The current Symbian Press list focuses very much on the small scale features of Symbian OS in a programming context. The Architecture Sourcebook is different.
It's not a how-to book, it's a 'what and why' book. And because it names names as it unwinds the design decisions which have shaped the OS, it is also a 'who' book. It will show where the OS came from, how it has evolved to be what it is, and provide a simple model for understanding what it is, how it is put together, and how to interface to it and work with it. It will also show why design decision were made, and will bring those decisions to life in the words of Symbian's key architects and developers, giving an insider feel to the book as it weaves the `inside story` around the architectural presentation.
The book will describe the OS architecture in terms of the Symbian system model. It will show how the model breaks down the system into parts, what role the parts play in the system, how the parts are architected, what motivates their design, and how the design has evolved through the different releases of the system.

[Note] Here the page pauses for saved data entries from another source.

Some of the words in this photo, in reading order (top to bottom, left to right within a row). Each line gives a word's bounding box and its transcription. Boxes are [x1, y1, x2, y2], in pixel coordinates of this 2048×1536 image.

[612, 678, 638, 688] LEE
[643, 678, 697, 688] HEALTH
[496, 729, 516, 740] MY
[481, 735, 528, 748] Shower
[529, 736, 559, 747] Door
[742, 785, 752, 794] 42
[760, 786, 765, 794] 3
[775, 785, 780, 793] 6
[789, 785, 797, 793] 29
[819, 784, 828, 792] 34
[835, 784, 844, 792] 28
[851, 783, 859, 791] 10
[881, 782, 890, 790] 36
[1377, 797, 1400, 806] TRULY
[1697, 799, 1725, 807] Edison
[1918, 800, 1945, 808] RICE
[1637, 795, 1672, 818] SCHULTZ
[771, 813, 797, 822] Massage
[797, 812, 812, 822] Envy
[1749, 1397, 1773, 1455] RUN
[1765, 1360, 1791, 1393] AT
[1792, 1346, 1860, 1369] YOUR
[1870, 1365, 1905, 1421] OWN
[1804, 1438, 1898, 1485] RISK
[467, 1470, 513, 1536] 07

Key system concepts will be described; design patterns will be explored and related to those from other operating systems. The unique features of Symbian OS will be highlighted and their motivation and evolution traced and described.
The book will include a substantial reference section itemising the OS and its toolkit at component level and providing a reference entry for each component.
User review
An OS background book
Is this book worth the investment? The answer really depends on your purpose to read, it's neither a heavy-weight programming book, nor a detailed architectural book in a straight technical sense. Rather it's a book quite loosely organized, and filling with interviews, reflections, stories.
Non of the other Symbian books I read touched the motivation for using C++, the background behind unique Symbian features like active objects, two stage constructions etc. I appreciate more about Ecom and descriptors about finishing the book, worth mentioning is that the interviews with top Symbian figures like Colly Myers, David Wood etc also proved to be very insightful and worth a second read, to give you an idea, here is an except from chapter 3:
/****
Charles Davies:
When I was interviewing people I used an example of a terminal emulation program. Here is a program that indisputably gets events not just from the user. The normal, naïve way of writing an interactive application at that time would be to wait for a keypress, see what keypress it was, and respond to it; was it a function key, was it any other key? You'd have some horrible case statement responding to a keypress. So I would ask, `How would you write an application where you don't know whether your next input is coming through the serial port or from the keypress?' And if they had a good answer to it they got hired, and if they didn't, they didn't.
*****/
The only reason that I did not gave it 5 stars because it barely touches the shortcomings of Symbian's treatment and decisions in the whole sphere of the OS arena, such as the performance tradeoff between microkernel and monolithic.
BTW, this book was written in late 2006 and the latest SOS version at that time was 9.3, the current Symbian OS version I am using is v9.6.
User review
Please ignore the above comment
I cannot believe that someone gives a book 1-star rating just because (s)he didn't find the ToC of a book. This is not fair to a decent book. I read this book while completing a research paper on comparison of mobile computing platforms. The chapter that introduces the architecture of Symbian OS and Symbian C++ development framework is very clear and comprehensive. Given the many components of Symbian platform, I would say it's worth reading.
I rate the book as a 5-star one to counteract the first comment. Seriously this is a 4-star book.
Btw: Amazon normally does not put the ToC of a book online. You can search for ToC on the publisher's website.
User review
Could anybody provide TOC for this book?
It should be an expectable book for Symbian fans. but even the table of content is not available online. less than sample chapters.